Mechanics of dystrophin deficient skeletal muscles in very young mice and effects of age

The MDX mouse is an animal model of Duchenne muscular dystrophy, a human disease marked by an absence of the cytoskeletal protein, dystrophin. We hypothesized that 1 ) dystrophin serves a complex mechanical role in skeletal muscles by contributing to passive compliance, viscoelastic properties, and contractile force production and 2 ) age is a modulator of passive mechanics of skeletal muscles of the MDX mouse. Using an in vitro biaxial mechanical testing apparatus, we measured passive length-tension relationships in the muscle fiber direction as well as transverse to the fibers, viscoelastic stress-relaxation curves, and isometric contractile properties. To avoid confounding secondary effects of muscle necrosis, inflammation, and fibrosis, we used very young 3-wk-old mice whose muscles reflected the prefibrotic and prenecrotic state. Compared with controls, 1 ) muscle extensibility and compliance were greater in both along fiber direction and transverse to fiber direction in MDX mice and 2 ) the relaxed elastic modulus was greater in dystrophin-deficient diaphragms.

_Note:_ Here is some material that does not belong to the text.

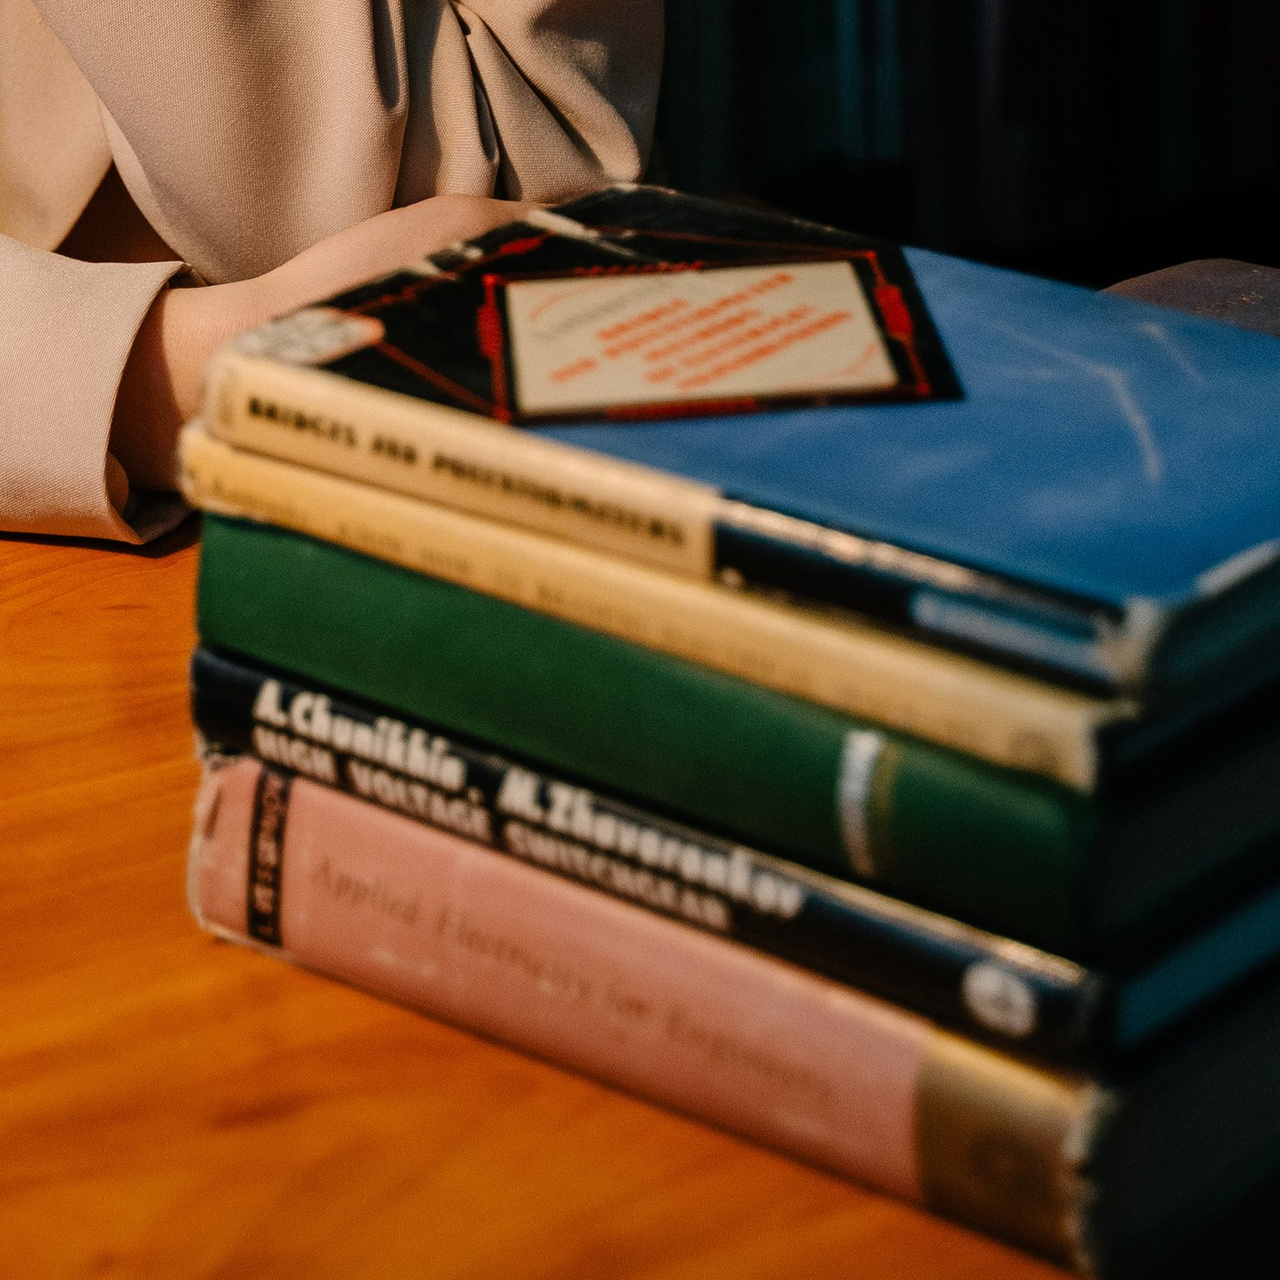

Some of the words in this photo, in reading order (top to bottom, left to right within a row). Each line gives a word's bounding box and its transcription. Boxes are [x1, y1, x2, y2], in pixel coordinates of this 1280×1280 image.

Furthermore, isometric contractile muscle stress was reduced in the presence and absence of transverse fiber passive stress. We also examined the effect of age on the diaphragm length-tension relationships and found that diaphragm muscles from 9-mo-old MDX mice were significantly less compliant and less extensible than those of muscles from very young MDX mice. Our data suggest that the age of the MDX mouse is a determinant of the passive mechanics of the diaphragm; in the prefibrotic/prenecrotic stage, muscle extensibility and compliance, as well as viscoelasticity, and muscle contractility are altered by loss of dystrophin.